Atelier



La suite dans les idées.
La prolepse et l'art du roman


par Marc Escola
(Université de Lausanne)


Dossiers Récit, Fiction, Figures.





La suite dans les idées. La prolepse et l'art du roman


Dans l'un des essais réunis sous le titre L'Urgence et la patience[1], Jean-Philippe Toussaint déclare devoir sa vocation d'écrivain à un événement parfaitement circonscrit : la lecture, à vingt et un ans, de Crime et Châtiment (« Ce fut une révélation.
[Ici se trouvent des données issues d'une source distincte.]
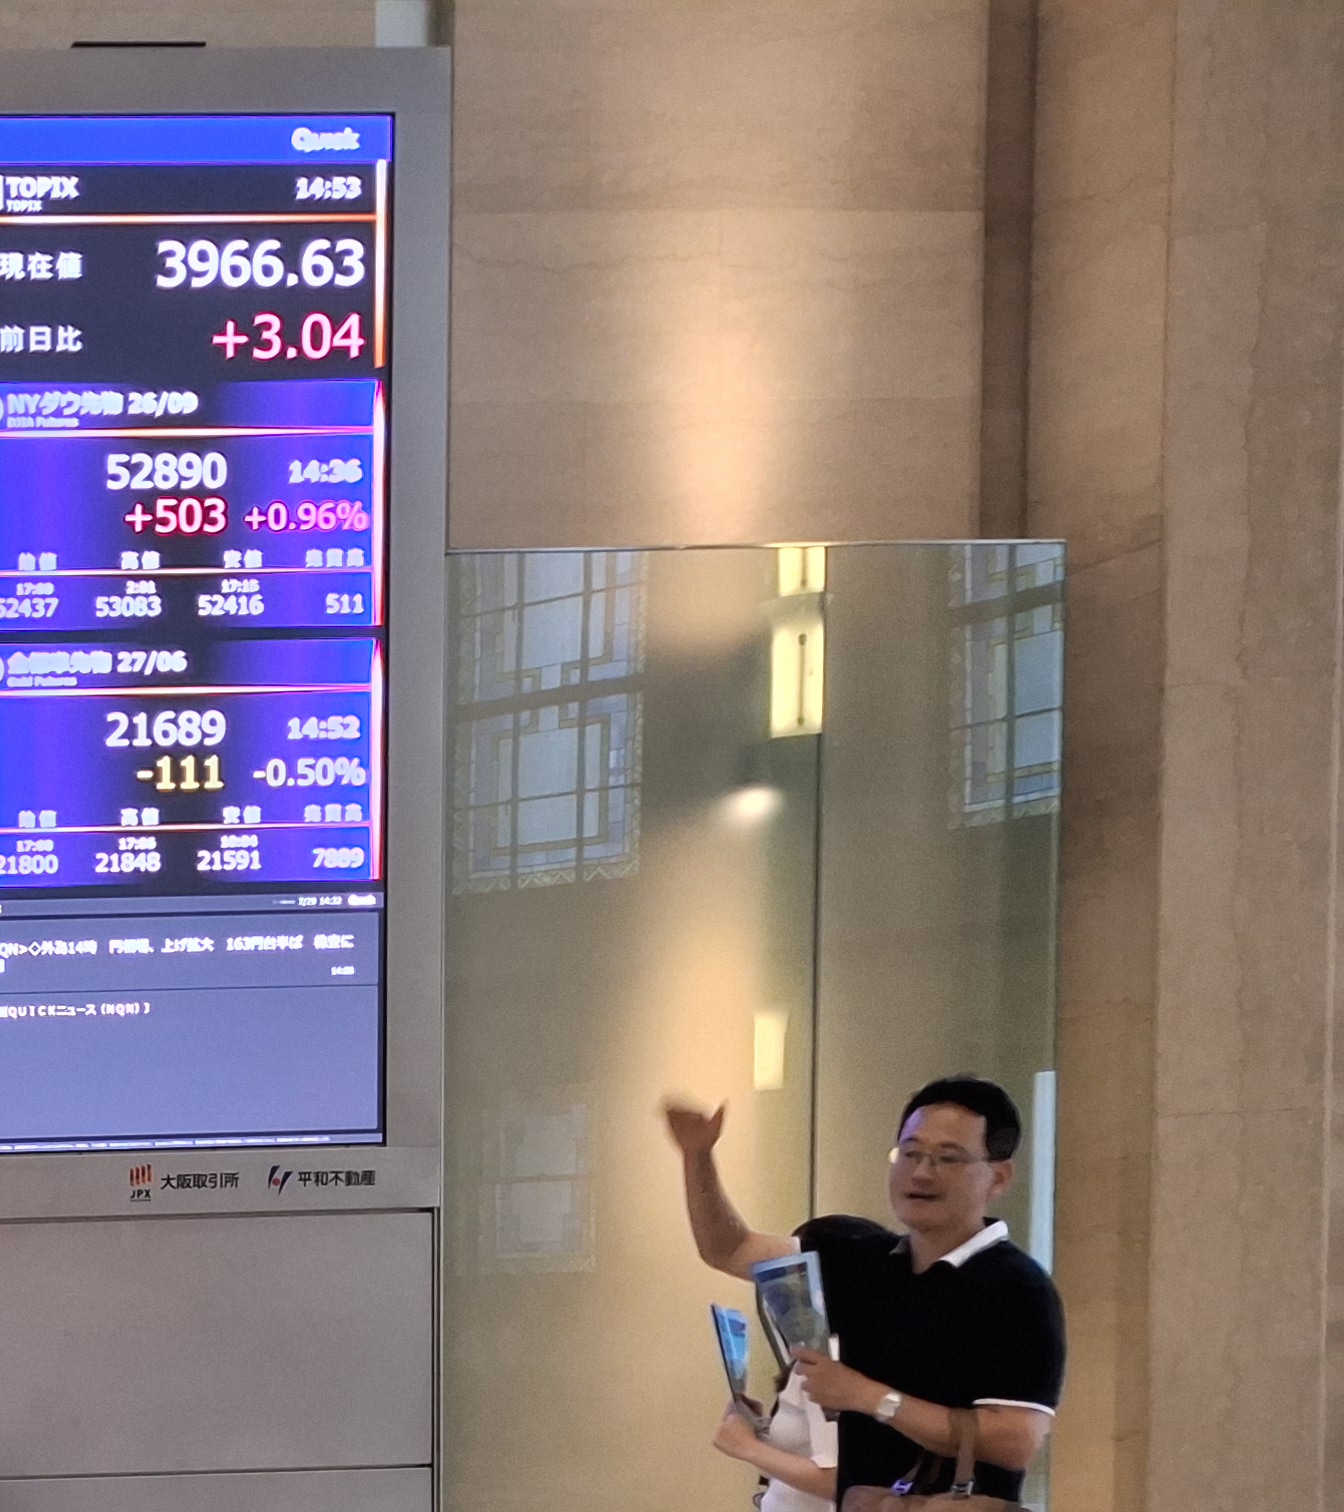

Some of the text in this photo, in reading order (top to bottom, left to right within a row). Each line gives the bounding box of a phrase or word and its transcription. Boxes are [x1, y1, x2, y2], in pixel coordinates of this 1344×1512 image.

[3, 176, 79, 201] TOPIX
[0, 239, 364, 288] 現在値 3966.63
[0, 314, 364, 359] 前日比 +3.04
[107, 452, 227, 490] 52890
[125, 498, 370, 533] +503 +0.96%
[96, 596, 161, 617] 53083
[198, 592, 264, 616] 52416
[326, 593, 364, 614] 511
[106, 710, 226, 747] 21689
[137, 755, 366, 789] -111 -0.50%
[95, 852, 161, 872] 21848
[197, 847, 261, 870] 21591
[160, 1172, 240, 1190] 大阪取引所
[297, 1170, 376, 1187] 平和不動産
[130, 1189, 152, 1200] JPX
Un mois plus tard, je me mettais à écrire », p. 69).


Pour dire la dimension fondatrice de cette lecture, le romancier fait d'abord valoir l'identification du jeune lecteur qu'il était alors au personnage de Raskolnikov (« Ce personnage — cet étudiant, cet assassin — c'était moi » ; « en tuant, fictivement, cette vieille usurière dans un livre, c'est la première fois que je prenais conscience des pouvoirs terribles que pouvait avoir la littérature », p. 70). L'aveu est sans surprise et finalement sans risques : il n'explique pas que Toussaint soit devenu dès ce moment-là écrivain, plutôt qu'assassin ; nombreux sont sans doute les lecteurs de Crime et Châtiment qui s'identifient à Raskolnikov : tous ne deviennent pas romanciers, ni meurtriers.
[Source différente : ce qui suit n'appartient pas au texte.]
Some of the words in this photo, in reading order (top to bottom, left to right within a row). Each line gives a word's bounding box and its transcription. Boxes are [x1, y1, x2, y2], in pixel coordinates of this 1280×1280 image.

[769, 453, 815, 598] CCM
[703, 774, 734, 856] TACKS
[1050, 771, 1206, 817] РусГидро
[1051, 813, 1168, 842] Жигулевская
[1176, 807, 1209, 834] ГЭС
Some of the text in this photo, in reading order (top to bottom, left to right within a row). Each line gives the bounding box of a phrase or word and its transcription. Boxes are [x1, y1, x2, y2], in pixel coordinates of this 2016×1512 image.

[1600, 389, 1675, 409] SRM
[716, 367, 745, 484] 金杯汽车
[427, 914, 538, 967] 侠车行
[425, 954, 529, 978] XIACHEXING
Il doit y avoir autre chose, que Jean-Philippe Toussaint ne nous laisse pas attendre :

« Mais il y a autre chose qui m'est apparu pendant la lecture de Crime et Châtiment, quelque chose de souterrain, de secret, de subliminal, dont je n'avais pas conscience sur le moment, que je ne pouvais pas nommer et que j'ai mis longtemps à identifier. En relisant le livre, trente ans après ma première lecture, je crois que j'ai trouvé, c'est l'usage que Dostoïevski fait du « plus tard », de « l'après-coup », cette immixtion limitée, ponctuelle, du futur dans le présent, qu'en narratologie on appelle la prolepse et au cinéma le flashforward […]. Cette brève intrusion de l'avenir dans le présent induit pour le personnage un sentiment de prémonition, et implique, pour l'auteur, une idée de destin.

Dans la suite, quand il se remémorerait ce moment, et tout ce qui lui était arrivé au cours de ces journées, minute après minute, […] il était toujours superstitieusement frappé par une circonstance qui au fond n'avait rien d'extraordinaire, mais qui lui semblait constamment ensuite avoir été une sorte de prédestination de son sort. La voici : il n'arrivait pas à comprendre ni à s'expliquer pourquoi, fatigué, épuisé, alors que le plus avantageux aurait été de rentrer chez lui par le chemin le plus court et le plus direct, il était rentré par la Place aux Foins […]. Mais pourquoi donc, se demandait-il toujours, pourquoi une rencontre — aussi importante, aussi décisive pour lui et en même temps et aussi parfaitement fortuite — sur la Place aux Foins (par laquelle rien ne l'obligeait à passer) s'était-elle présentée précisément à ce moment, à cette heure, à cette minute de sa vie, avait-elle coïncidé précisément avec un état d'esprit et des circonstances qui seuls pouvaient lui permettre, à cette rencontre, d'exercer l'influence la plus décisive et la plus définitive sur toute sa destinée ? On aurait dit qu'elle le guettait.[2]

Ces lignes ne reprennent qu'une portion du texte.